Required work ▸
Every entry that follows must be written out exactly, apart from its pictures.
━━━━━━
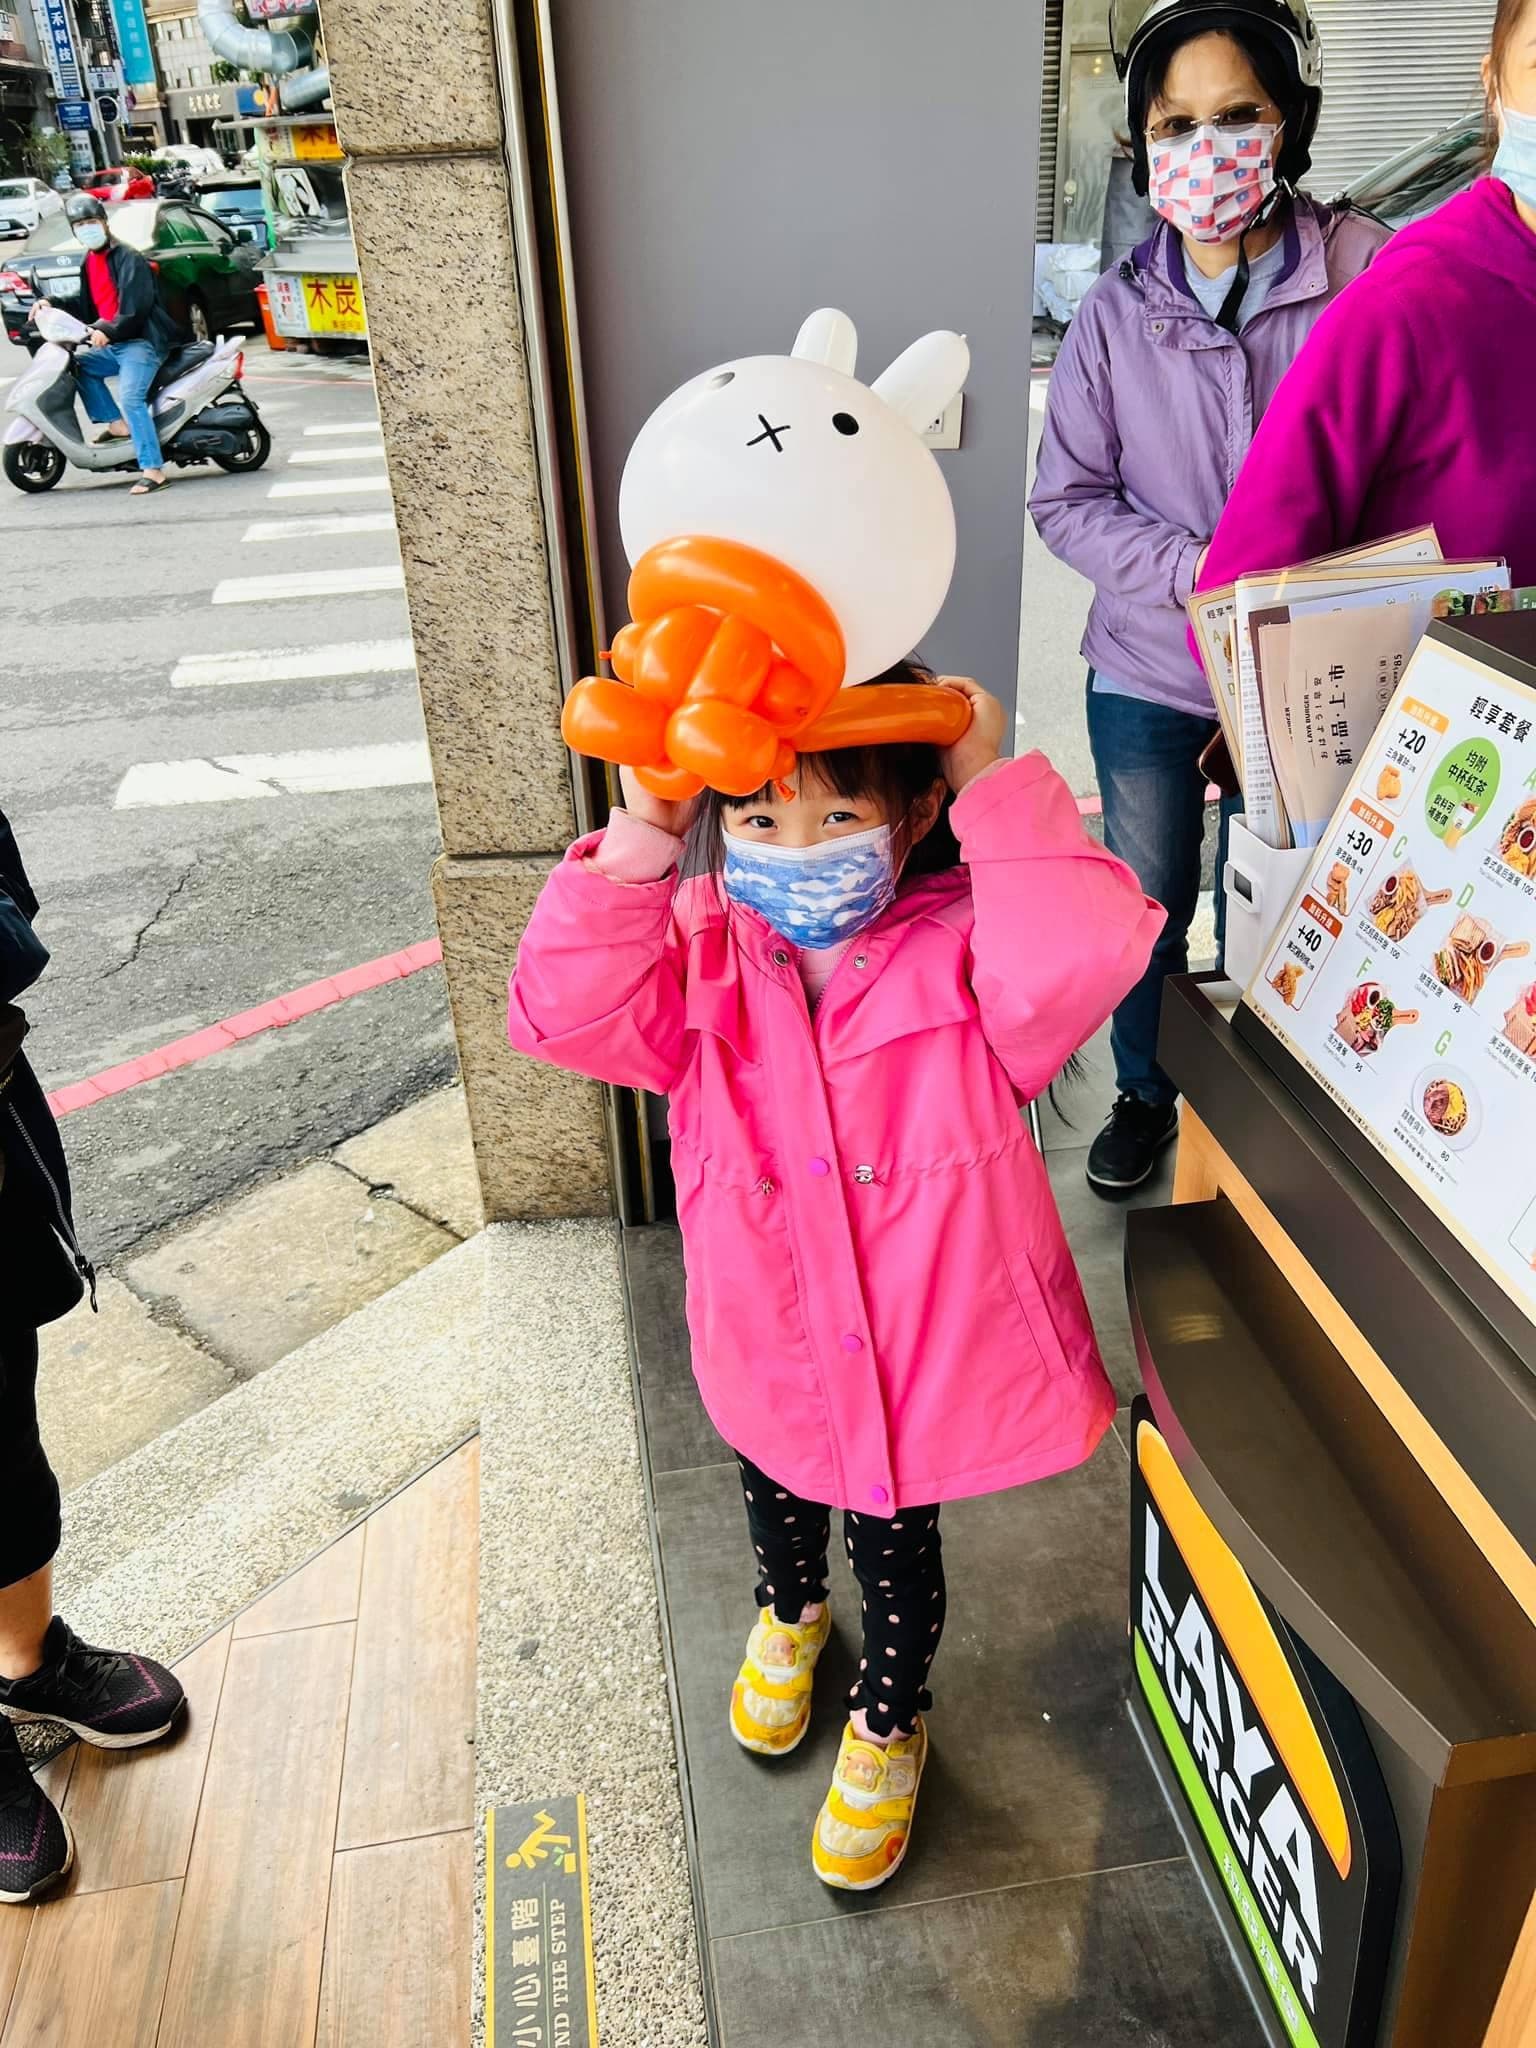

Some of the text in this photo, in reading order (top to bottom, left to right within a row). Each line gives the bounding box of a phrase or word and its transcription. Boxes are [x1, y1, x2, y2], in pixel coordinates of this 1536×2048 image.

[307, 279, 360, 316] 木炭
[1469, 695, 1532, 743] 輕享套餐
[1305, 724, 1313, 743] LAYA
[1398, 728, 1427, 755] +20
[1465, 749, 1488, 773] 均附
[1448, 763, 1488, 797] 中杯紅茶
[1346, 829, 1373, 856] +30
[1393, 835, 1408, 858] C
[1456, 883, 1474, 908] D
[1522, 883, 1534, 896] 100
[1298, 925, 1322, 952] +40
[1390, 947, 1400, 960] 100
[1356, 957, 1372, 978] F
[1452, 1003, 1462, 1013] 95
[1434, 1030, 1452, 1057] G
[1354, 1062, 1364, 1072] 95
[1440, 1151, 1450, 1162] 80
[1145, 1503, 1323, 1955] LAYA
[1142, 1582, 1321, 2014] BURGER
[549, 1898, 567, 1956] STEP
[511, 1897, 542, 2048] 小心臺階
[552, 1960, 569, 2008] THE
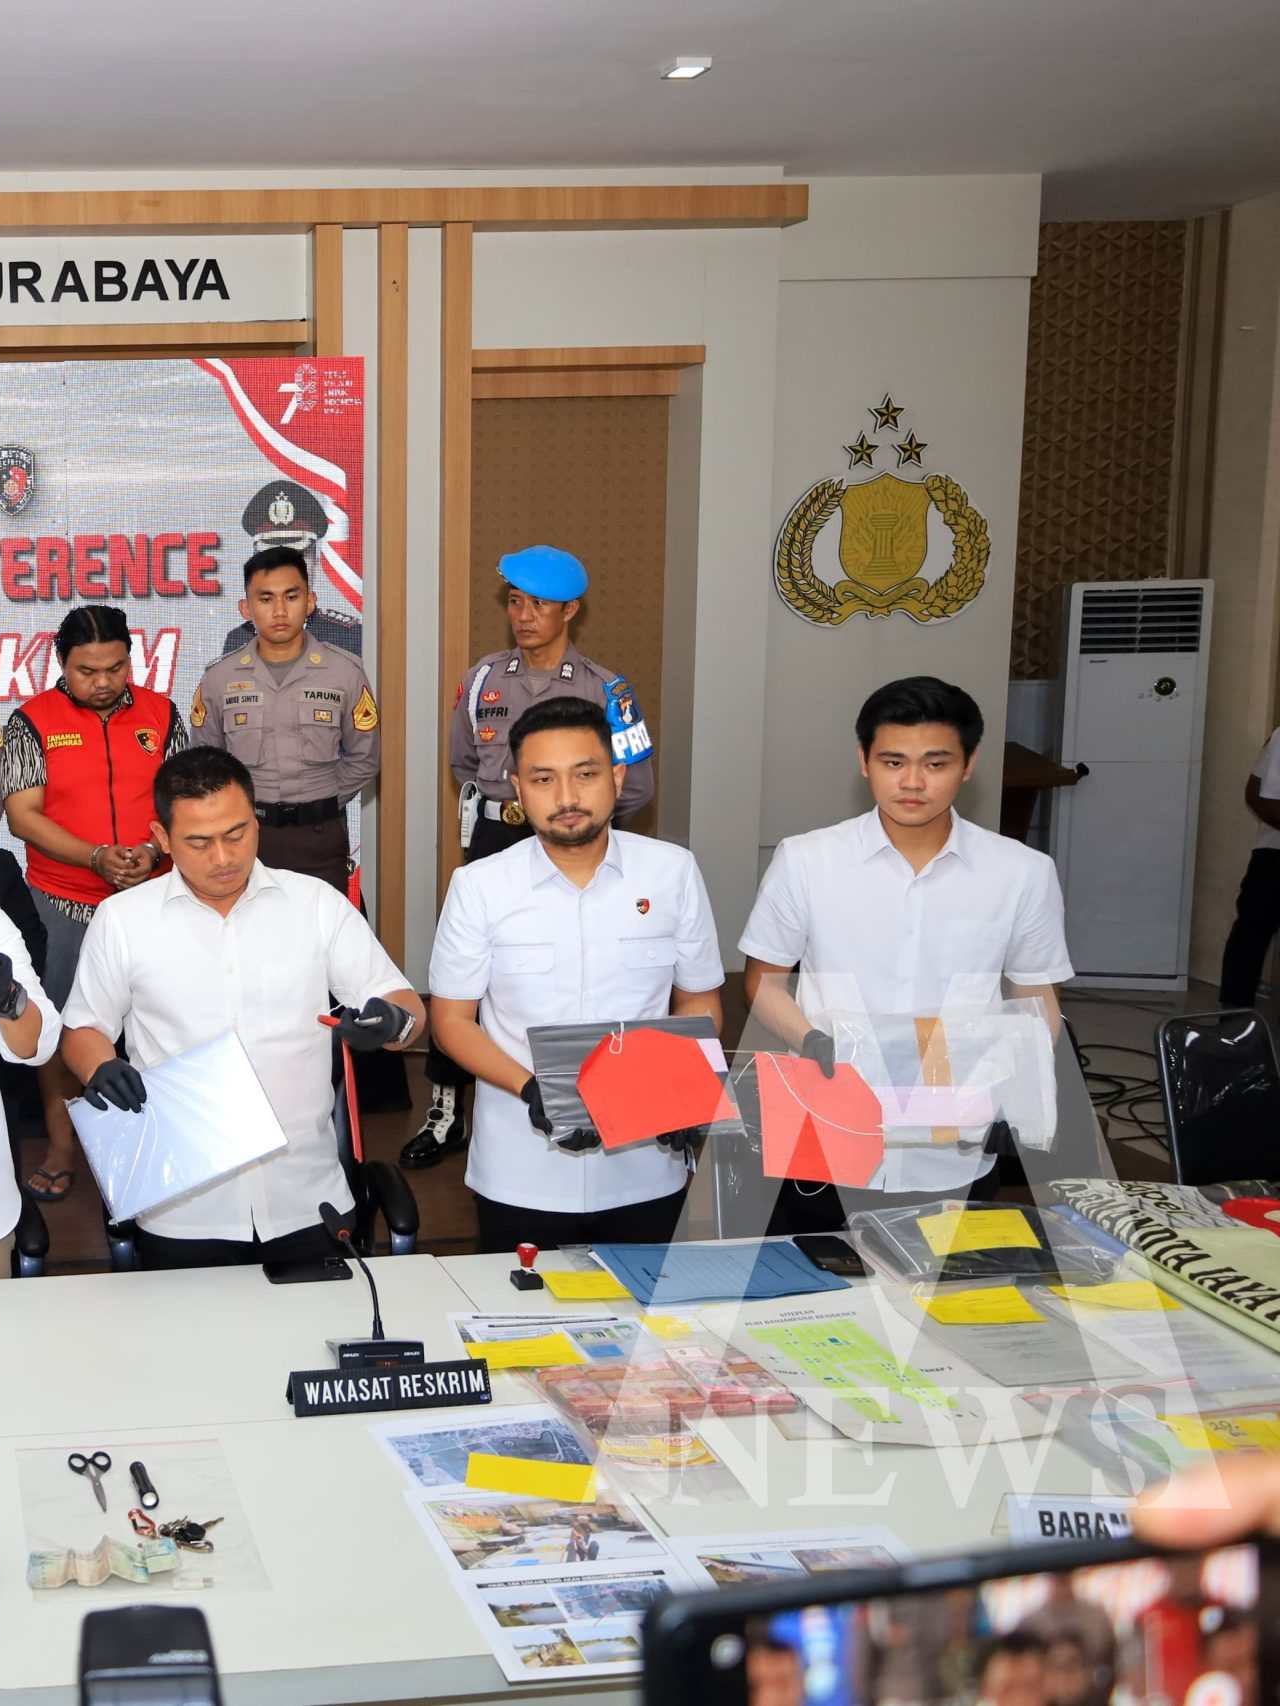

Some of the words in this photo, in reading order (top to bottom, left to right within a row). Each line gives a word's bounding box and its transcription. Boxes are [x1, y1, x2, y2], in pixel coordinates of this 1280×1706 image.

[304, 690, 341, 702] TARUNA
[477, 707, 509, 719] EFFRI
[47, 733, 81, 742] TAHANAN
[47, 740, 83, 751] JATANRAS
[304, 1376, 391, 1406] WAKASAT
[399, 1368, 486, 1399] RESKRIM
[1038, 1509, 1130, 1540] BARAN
━━━━━━
Completed task ▸
Some of the text in this photo, in reading order (top to bottom, left to right within a row). Each line gives the bounding box of a phrase or word and its transcription. Boxes are [x1, y1, x2, y2], in pixel coordinates of this 1536×2048 image.

[307, 279, 360, 316] 木炭
[1469, 695, 1532, 743] 輕享套餐
[1305, 724, 1313, 743] LAYA
[1398, 728, 1427, 755] +20
[1465, 749, 1488, 773] 均附
[1448, 763, 1488, 797] 中杯紅茶
[1346, 829, 1373, 856] +30
[1393, 835, 1408, 858] C
[1456, 883, 1474, 908] D
[1522, 883, 1534, 896] 100
[1298, 925, 1322, 952] +40
[1390, 947, 1400, 960] 100
[1356, 957, 1372, 978] F
[1452, 1003, 1462, 1013] 95
[1434, 1030, 1452, 1057] G
[1354, 1062, 1364, 1072] 95
[1440, 1151, 1450, 1162] 80
[1145, 1503, 1323, 1955] LAYA
[1142, 1582, 1321, 2014] BURGER
[549, 1898, 567, 1956] STEP
[511, 1897, 542, 2048] 小心臺階
[552, 1960, 569, 2008] THE

Some of the words in this photo, in reading order (top to bottom, left to right within a row). Each line gives a word's bounding box and its transcription. Boxes are [x1, y1, x2, y2], in pixel coordinates of this 1280×1706 image.

[304, 690, 341, 702] TARUNA
[477, 707, 509, 719] EFFRI
[47, 733, 81, 742] TAHANAN
[47, 740, 83, 751] JATANRAS
[304, 1376, 391, 1406] WAKASAT
[399, 1368, 486, 1399] RESKRIM
[1038, 1509, 1130, 1540] BARAN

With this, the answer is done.